By Cambridge Digital Humanities

Dr Ashwin Mathew joins us for a lively discussion at the CDH Open.

Date and time

Location

Sidgwick Site, Lecture Block Room 1

West Road Cambridge CB3 9DT United Kingdom

Agenda

5:00 PM - 6:00 PM

Seminar

6:00 PM - 7:00 PM

Drinks Reception

Good to know

Highlights

  • 2 hours
  • In person

About this event

Science & Tech • High Tech

Limits to Peer Production: Technological and Regulatory Challenges in the PGP Web of Trust

Speaker

Dr. Ashwin Mathew is an ethnographer of Internet infrastructure, studying the technologies and technical communities involved in the operation of the global Internet. He is interested in how the Internet is built and maintained in everyday practice; and how the cultures of the Internet’s technical communities circulate and are re-articulated across Global South and Global North in the process of operating the Internet.

He joined the Department of Digital Humanities in September 2019. He holds a PhD in Information Management and Systems from the UC Berkeley School of Information.
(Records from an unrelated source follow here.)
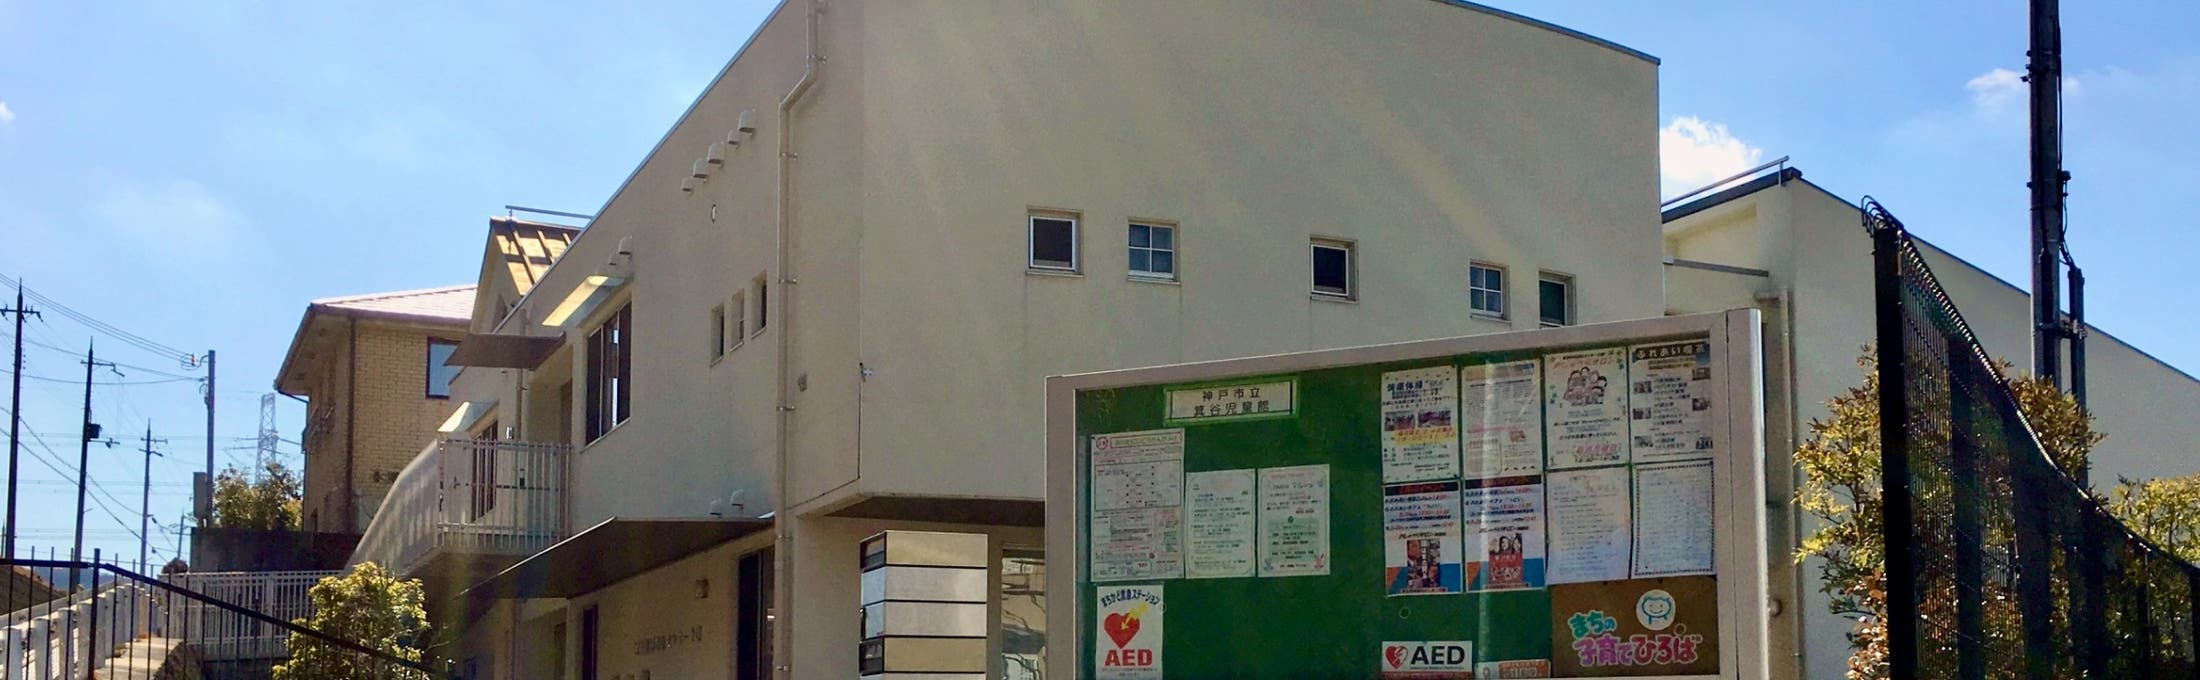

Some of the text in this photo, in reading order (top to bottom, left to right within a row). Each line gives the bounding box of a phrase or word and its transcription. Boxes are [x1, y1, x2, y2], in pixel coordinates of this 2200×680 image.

[1202, 387, 1261, 402] 神戸市立
[1568, 610, 1617, 639] まちの
[1105, 648, 1153, 667] AED
[1410, 645, 1466, 665] AED
[1572, 633, 1703, 667] 子育てひろば
Prior to his doctoral work, he spent a decade as a programmer and technical architect in companies such as Adobe Systems and Sun Microsystems.

Abstract

As one of the earliest publicly available encryption programmes, Pretty Good Privacy (PGP) was intended to usher in an era of secure online communication, acting as a bulwark against the perceived overreach of government surveillance. The PGP Web of Trust (WoT) was created as an essential adjunct to PGP, providing a decentralised infrastructure to validate and connect the identities of PGP users to their encryption keys, through a cryptographically secured social network. Since their inception in the 1990s, PGP and the WoT together promised secure online communication independent of any centralised authority, whether government or corporation. PGP and the WoT offer an early example of a successful system based on what we now term commons-based peer production, as PGP users coordinated directly with their immediate acquaintances – through non-hierarchical non-market action – to construct the WoT as what could be termed an 'information security commons' providing the basis of a decentralised system for secure online communication. PGP and the WoT have been used extensively around the world since their creation, and remain in active use by information security and open source software communities, with over 7 million PGP keys currently observable in the WoT.
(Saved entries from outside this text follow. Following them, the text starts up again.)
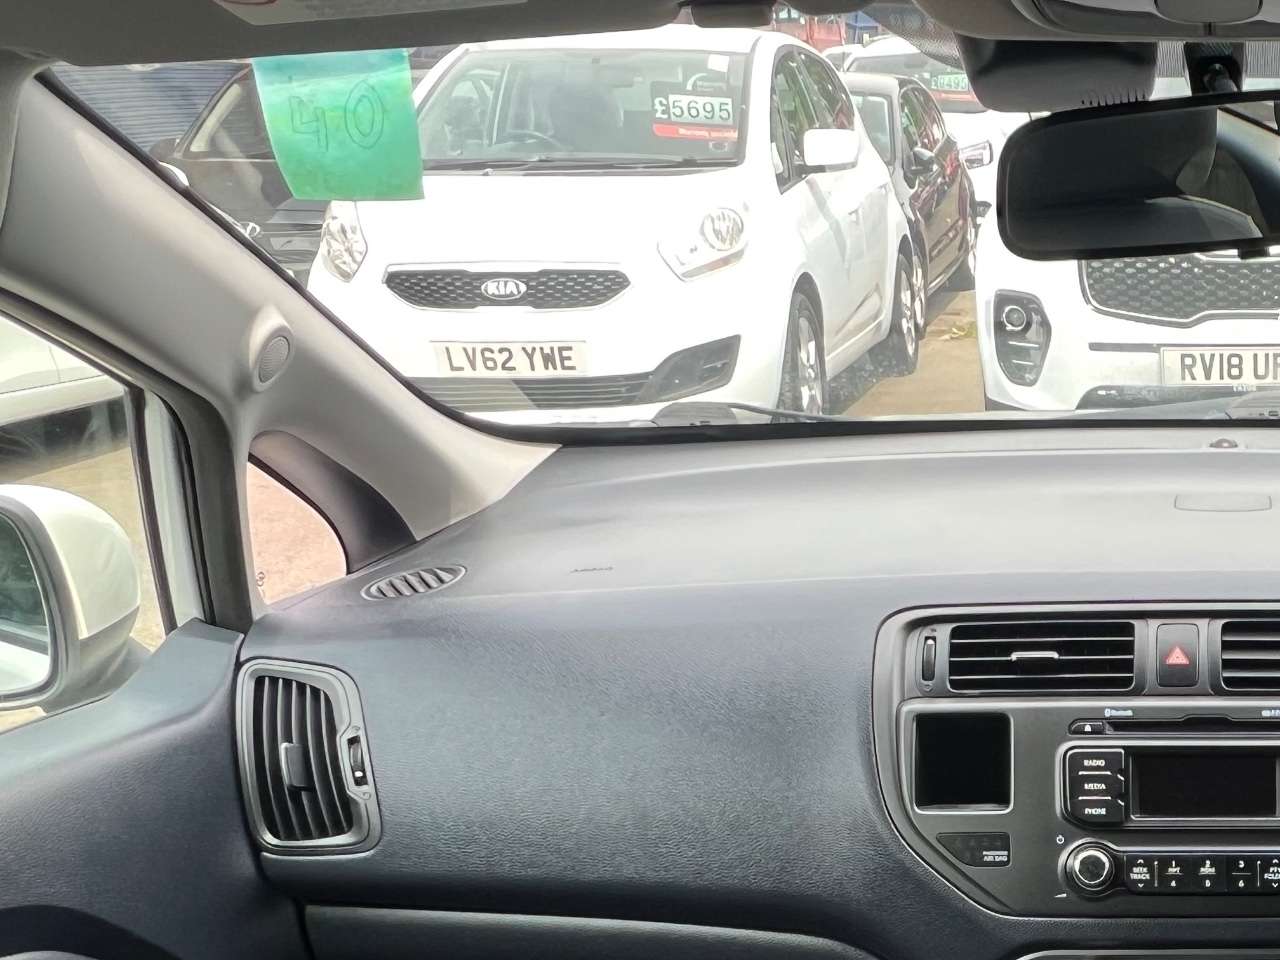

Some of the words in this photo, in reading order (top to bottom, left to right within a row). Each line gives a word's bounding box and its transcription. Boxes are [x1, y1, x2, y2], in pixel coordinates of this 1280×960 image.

[289, 80, 385, 152] 40
[654, 97, 731, 120] £5695
[486, 280, 523, 297] KIA
[445, 346, 516, 372] LV62
[521, 346, 577, 371] YWE
[1180, 353, 1243, 381] RV18
In spite of these successes, recent years have seen significant technological and regulatory challenges to the infrastructure of the WoT, to the point where the very existence and utility of the WoT today face serious problems. This is most visible from the rapid decline in the global population of PGP keyservers (from a peak of over 120 to less than 40 as of this writing), which constitute a decentralised database of publicly visible PGP keys and cryptographic material that makes the WoT, replicated across keyservers independently operated by volunteers across the world. A robust keyserver infrastructure is essential for the distribution and discovery of relationships across the WoT. As this infrastructure declines, so does the WoT.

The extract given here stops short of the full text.